All the while, you will want to keep an eye on how the cat responds.

You will have to be very careful with this... you don't want the cat
to go hungry by any means. I am not advocating that at all.

Truthfully, I have always adopted older cats... I have not had very
many kittens in my house. And older cats do take longer to adjust...
but....

Normally they should be eating with everyone else, in the same area,
within a week or two of their introduction to your home.

I have certainly noticed, though, with the adoption of older cats...
there are subtle ways that they adjust differently. Sometimes it takes
them six months to a year to fully adjust to their new surroundings.
Not by way of where they stay in the house mind you... but in more
subtle ways... like where they choose to sleep for the night, or how
they approach the other creatures living in the house... subtle
differences...

That has just been my experience.

Just a thought, nothing more than something to consider :-)
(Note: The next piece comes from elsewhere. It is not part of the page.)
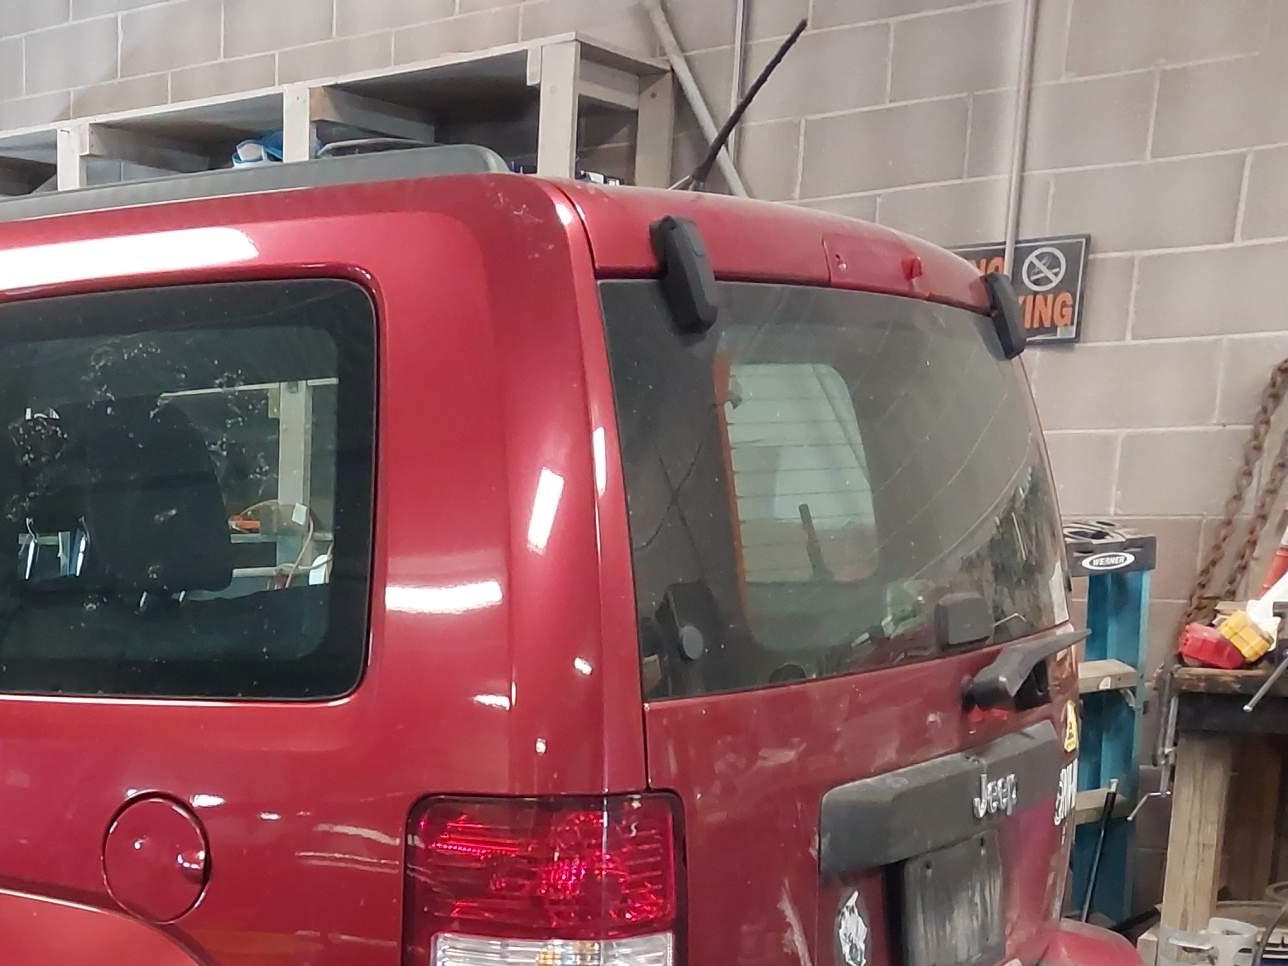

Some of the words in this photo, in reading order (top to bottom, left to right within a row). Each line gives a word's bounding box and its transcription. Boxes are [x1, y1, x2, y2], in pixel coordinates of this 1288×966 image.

[1018, 292, 1073, 329] ING
[1092, 555, 1126, 567] WERNER
[973, 773, 1017, 818] Jeep
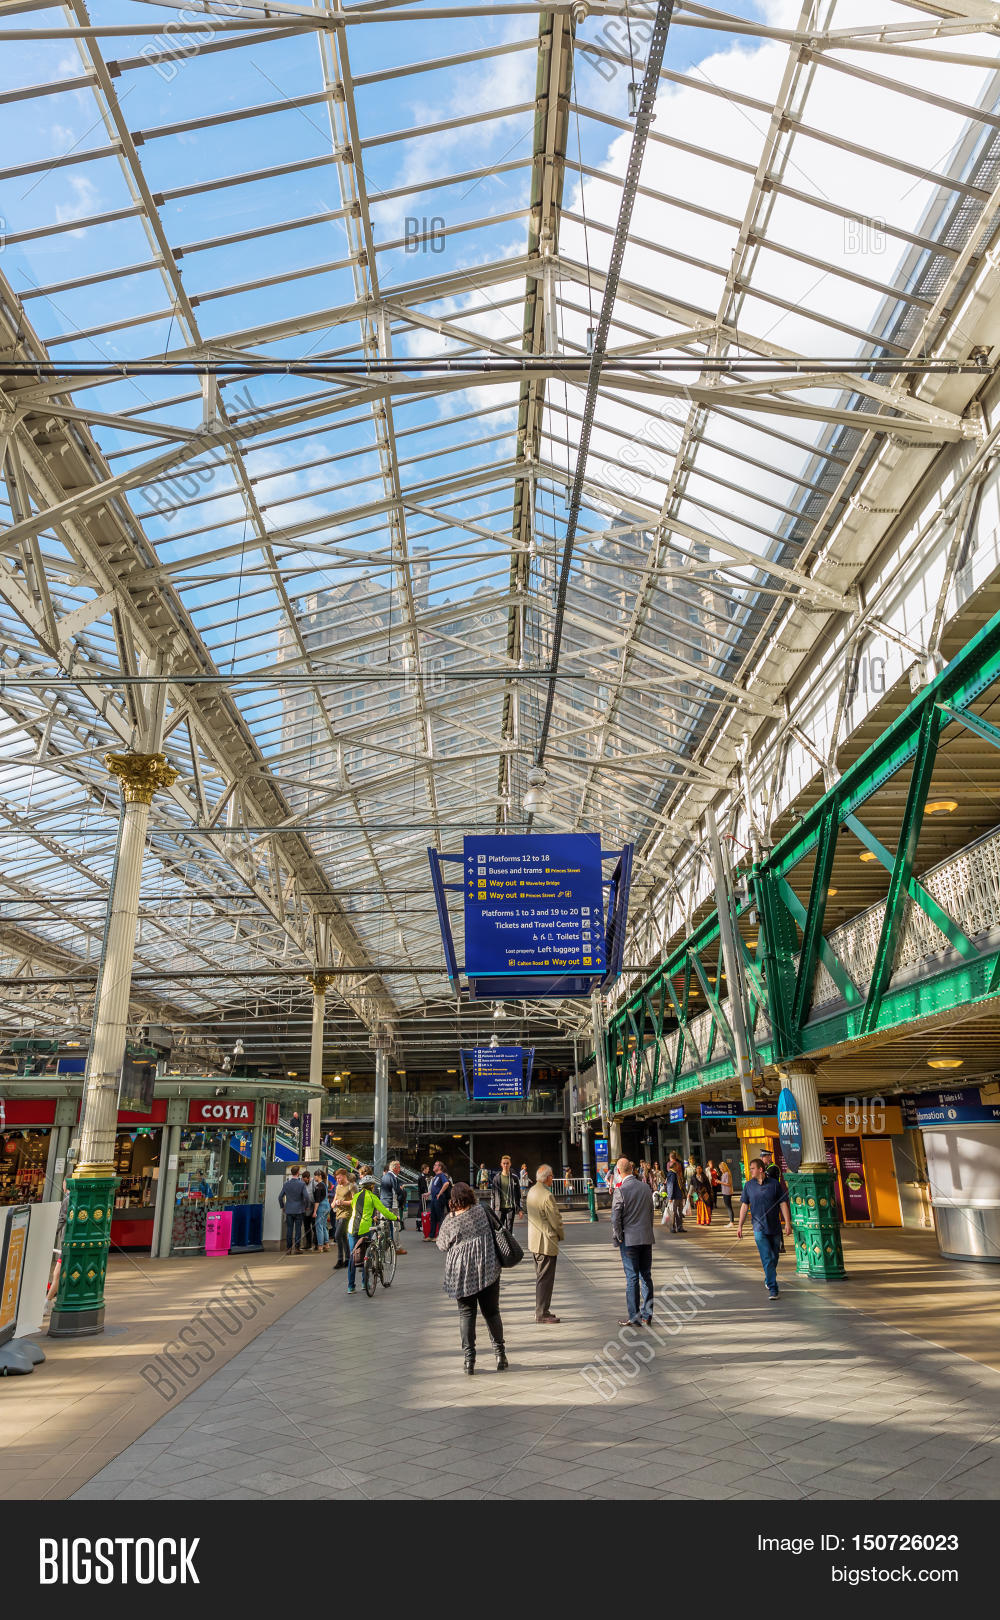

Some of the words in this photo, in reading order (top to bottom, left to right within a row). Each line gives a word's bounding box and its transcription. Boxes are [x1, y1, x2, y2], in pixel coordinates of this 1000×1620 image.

I don't think some experimentation hurts as long as the basic needs
(including that your cat feels SECURE) of the cat are met. You don't
want to FORCE the issue.

But you absolutely want to encourage the cat to integrate in your
household successfully.

With that said, I am sure there are people far more experienced than
I... just thought I would add my own personal experience.

Thanks ;-)

Good luck :-)




However you do it. It is hard for me to tell though because

mc
February 15th 08, 01:10 AM
The thing that triggers my response here is that you stated your cat
comes from a household that has had other cats and dogs... AND that
your cat and dog display no aggression towards her at all. I mean, for
me... that tells me something else is going on here.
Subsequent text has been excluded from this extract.